#### TASK DETAILS
Your task is to return the listing below word for word, without any of its images.

____

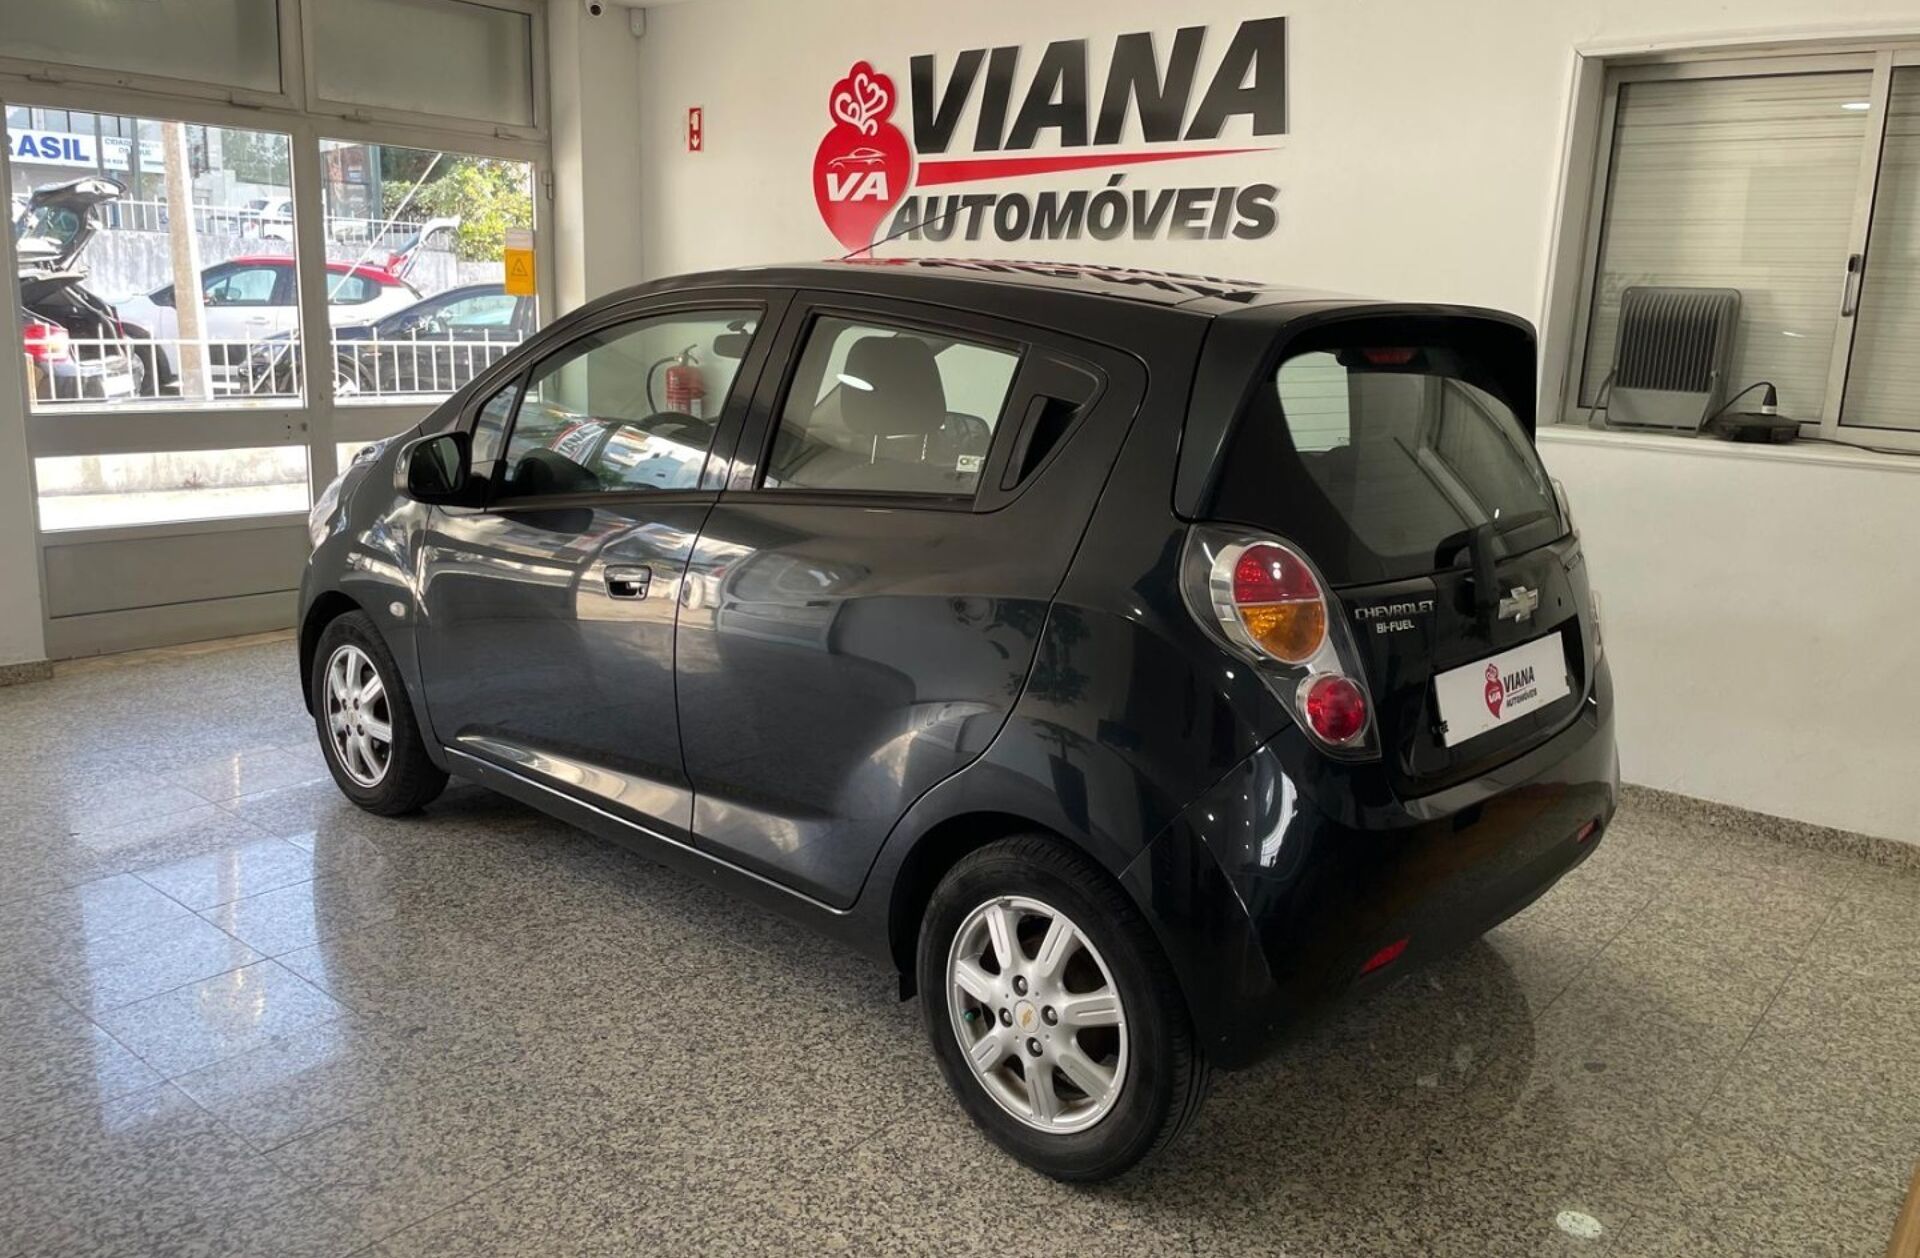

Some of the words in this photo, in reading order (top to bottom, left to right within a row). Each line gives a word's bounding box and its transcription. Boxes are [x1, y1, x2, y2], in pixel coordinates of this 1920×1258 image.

[909, 16, 1288, 155] VIANA
[826, 171, 889, 202] VA
[886, 173, 1281, 242] AUTOMÓVEIS
[1354, 600, 1434, 619] CHEVROLET
[1376, 620, 1415, 634] BI-FUEL
[1503, 666, 1536, 693] VIANA
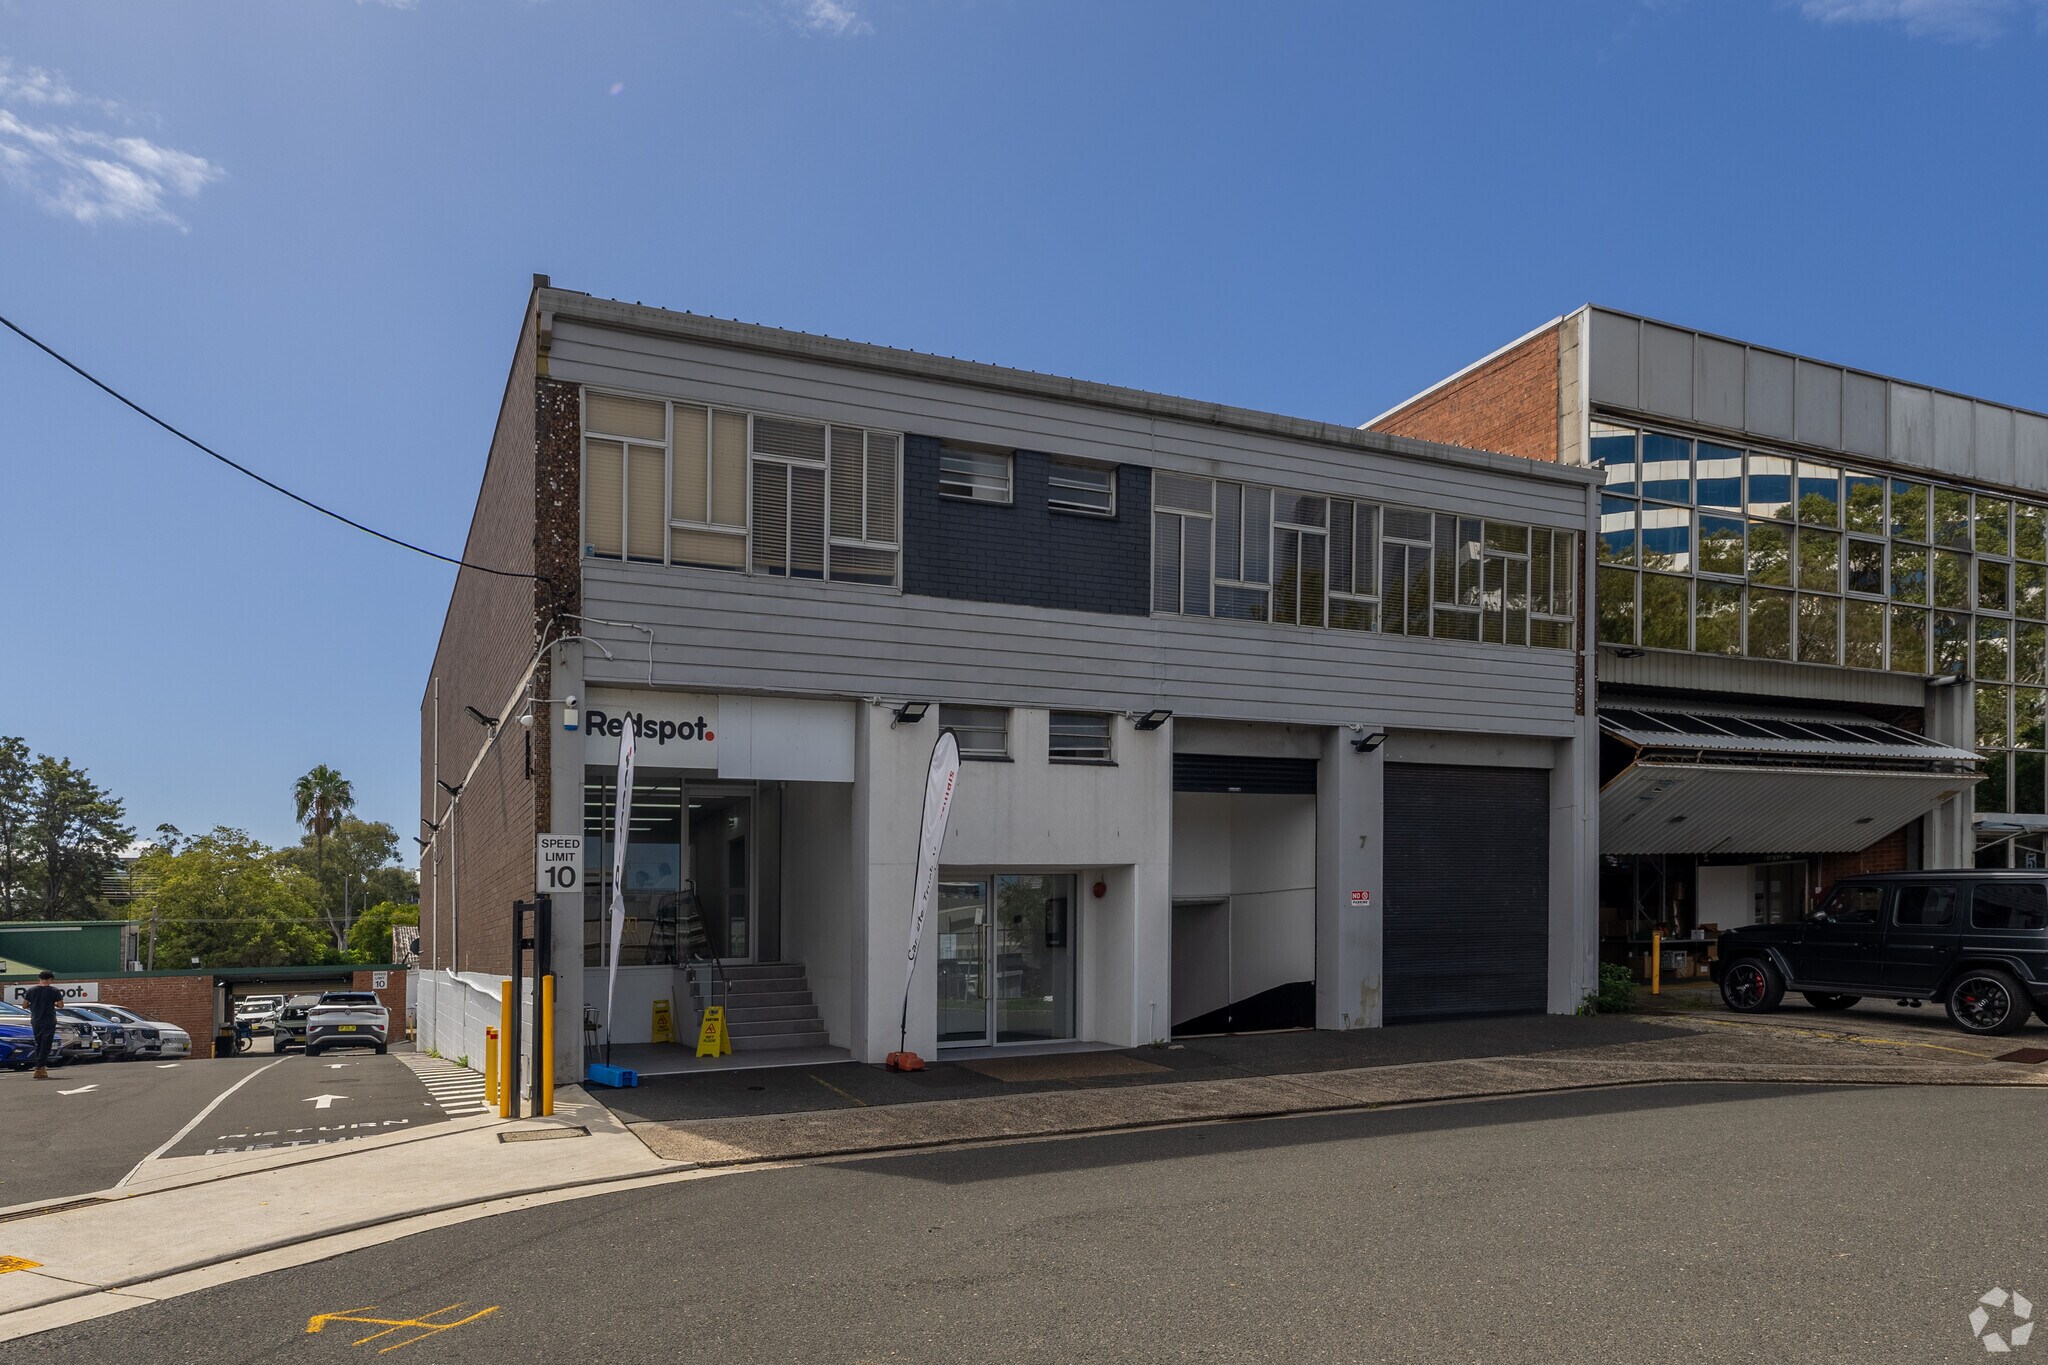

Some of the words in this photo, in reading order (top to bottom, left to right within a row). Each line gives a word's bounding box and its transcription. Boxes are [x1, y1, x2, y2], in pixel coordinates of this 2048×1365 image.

[541, 838, 580, 849] SPEED
[1359, 835, 1368, 849] 7
[545, 852, 576, 862] LIMIT
[544, 865, 576, 889] 10
[1352, 892, 1361, 900] NO
[375, 980, 386, 988] 10
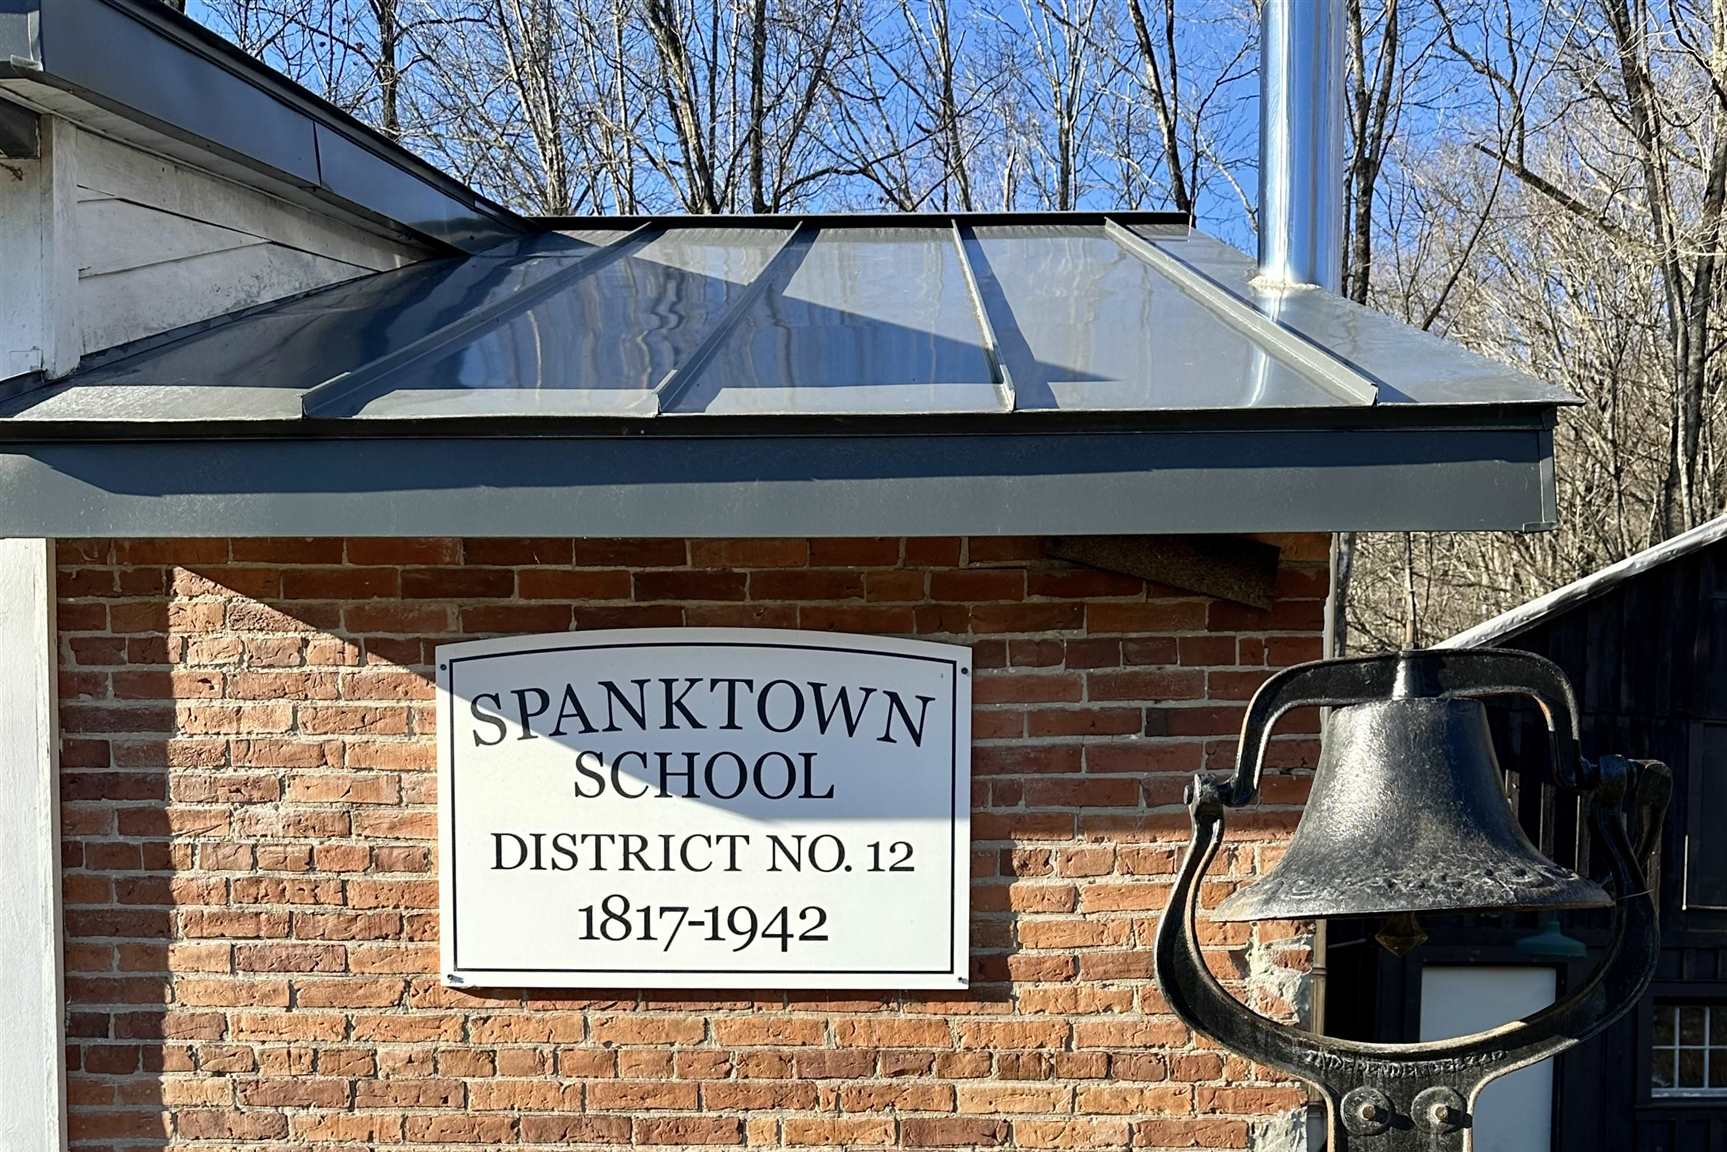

____

#### SOLUTION TO THE PROBLEM
Some of the words in this photo, in reading order (top to bottom, left to right within a row). Each line gives a word's bounding box and its transcription. Boxes are [x1, y1, x2, y2], in pixel coordinates of this 1920×1258 image.

[909, 16, 1288, 155] VIANA
[826, 171, 889, 202] VA
[886, 173, 1281, 242] AUTOMÓVEIS
[1354, 600, 1434, 619] CHEVROLET
[1376, 620, 1415, 634] BI-FUEL
[1503, 666, 1536, 693] VIANA

Some of the words in this photo, in reading order (top to bottom, left to right within a row). Each line gives a word's bounding box and its transcription. Boxes are [x1, y1, x2, y2], in pixel coordinates of this 2048×1365 image.

[541, 838, 580, 849] SPEED
[1359, 835, 1368, 849] 7
[545, 852, 576, 862] LIMIT
[544, 865, 576, 889] 10
[1352, 892, 1361, 900] NO
[375, 980, 386, 988] 10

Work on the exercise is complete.